Fanny suspirou paciente, e desenhou no semblante um sorriso carregado de condescendência antes de transpassar a soleira da porta e seguir o rastro que sua mamãe anciã costumava deixar atrás de si, como sinal inequívoco de sua presença.
Desatou com destreza a laçada do chapéu com uma só mão, e o pendurou de um lado. A seguir, passou a fazer parte daquela cena cotidiana, com todo o aprumo e a distância que a atitude de sua mãe permitia.
O senhor Clark permanecia sentado como de costume, na velha e maltratada poltrona sem braços, preenchendo o cachimbo com tranquilidade e fazendo caso omisso ao monólogo de sua esposa. 
Ela, de pé em frente a lareira, esmurrava com um ferro as lenhas empilhadas atrás do salva faíscas, com a mesma frieza e idêntico frenesi que empregaria para degolar frangos no matadouro.
Com o rosto, completamente vermelho por causa da excitação, a impetuosa senhora pretendia desviar a atenção de seu marido para um assunto que a ele parecia não importar, absolutamente. E semelhante abandono, por parte do cavalheiro, não podia menos que irritá-la sobremaneira.
Ao precaver-se da chegada de Fanny, o ancião elevou os cansados olhos por cima dos diminutos óculos de arame que descansavam na ponta do nariz, para fixar o olhar na jovem e obsequiar-lhe com um silencioso sorriso de comiseração. Ou, possivelmente, se tratasse de um sorriso manso e servil, que pretendia informar-lhe das sombras negras que sua mãe lançara sobre a sala durante toda a tarde, e do aspecto que ele mesmo tivera que mostrar para suportá-la e evitar ordenar a um servente que lhe costurasse a boca.
Seu irmão mais velho, Ian, permanecia sentado junto às janelas refugiado, depois do amparo que lhe proporcionara um grande gole de John Donne. 
Uma opção da mais acertada, a julgar pelo grau de excitação da senhora da casa. Entretanto, deu-se conta da chegada de sua irmã, e sua sobrancelha direita, arqueada a modo de silenciosa boas vindas, pretendeu dissuadi-la de permanecer na estadia durante muito mais de meio minuto.
— Oh!, Fanny, Fanny querida! — A senhora Clark desistiu da luta contra as lenhas e, ante a acentuada indiferença dos varões Clark, concentrou-se em chamar a atenção de sua filha. De fato, nesse momento, a aparição da moça na pequena salinha de chá, resultava para ela uma coincidência da mais afortunada. — Consegue imaginar de que maravilhosa notícia, acabo de inteirar-me?
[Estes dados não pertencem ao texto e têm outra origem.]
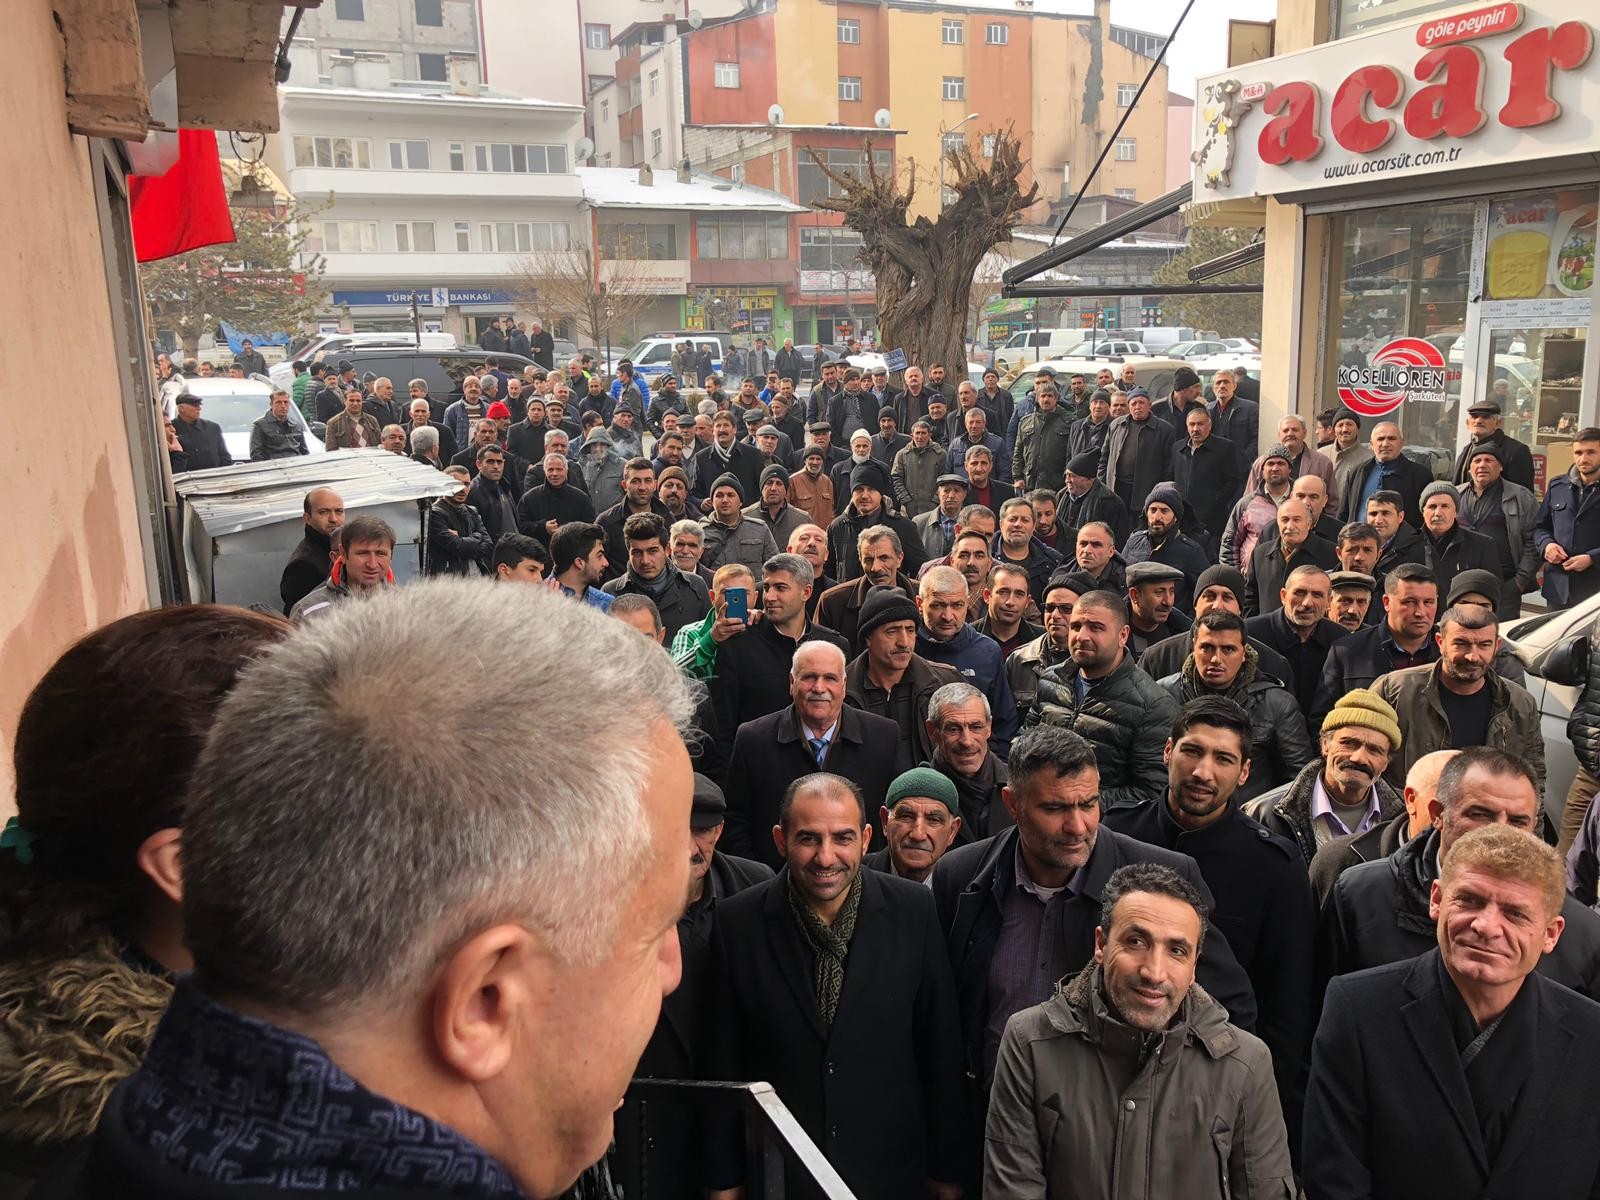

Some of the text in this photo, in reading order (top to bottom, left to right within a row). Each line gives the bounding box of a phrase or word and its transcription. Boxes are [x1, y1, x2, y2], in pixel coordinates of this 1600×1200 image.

Fanny nem sequer se incomodou em olhá-la quando enrolou-se aos pés do pai. Conhecia de sobra as excentricidades da senhora Clark, para preocupar-se sequer, em prestar atenção.
 Além disso, desde muito tenra idade, optara por imitar seu progenitor e seu irmão mais velho, e mostrar para com os exagerados arranques de entusiasmo da senhora, a mais absoluta e esmagadora, indiferença. Essa fora, sempre, a técnica de sobrevivência mais eficaz e indispensável para evitar perder de todo o juízo.
— Como poderia estar a par, mamãe? Acabo de voltar, após dar um passeio pelo campo.
A senhora Clark franziu o cenho, como se de repente a moça acabasse de colocá-la em dia de um pecado inconfessável, que a excitação do momento a obrigara a passar por cima.
— Ah sim, você e seus insofríveis passeios!